她不想讓自己在末日的時候顯得太尷尬。
有些受訪者,讓訪問者不經意地卸下心防。在放鬆的聊天氣氛裏,談音樂,是很自然而然,不需要多所琢磨的事情。這或許是真正的創作人才能給予的特質。又或者,創作者對於自己的作品採取全然開放的心情——「我做完了,但我並不避諱去談」——歌曲裏的事情,並沒有真正到此為止,但也找到了自己的位置。

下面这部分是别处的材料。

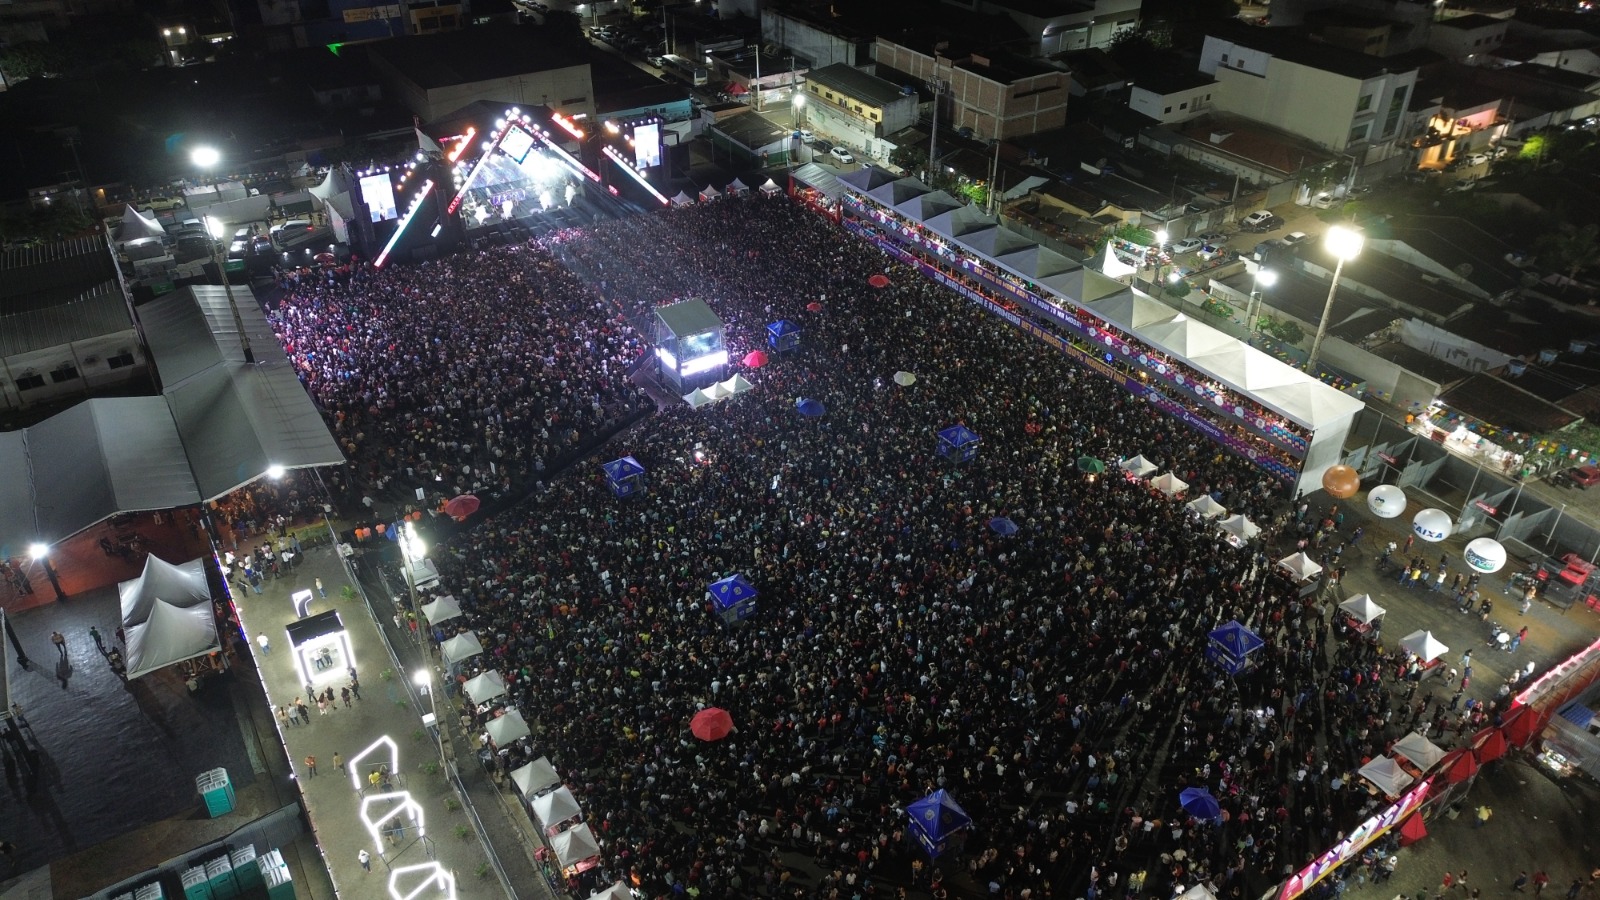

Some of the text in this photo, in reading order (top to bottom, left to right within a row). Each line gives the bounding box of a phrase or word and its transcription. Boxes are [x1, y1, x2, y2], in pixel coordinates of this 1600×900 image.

訪問艾怡良,便給我這樣的感受。對於別人如何看待她的創作,她是如此充滿好奇;談到特別濃烈的歌曲原委時,總能幽自己一默。這一切,來自於她第一張全創作專輯《垂直活著,水平留戀著》,越是笑看,越是不可自拔,越是不可自拔,越是能夠充分地在音樂中表達自己。你必須經歷某程度的鑽牛角尖,之後的放開,才顯得不那麼情緒化。難的是離開單純「鑽牛角尖」的過程,那放開的方式,更是看功力。
於是,即使這是一張談論悲傷的專輯,艾怡良的唱與作,皆讓自己得以呼吸,也讓聽者能夠用音樂的方式進入。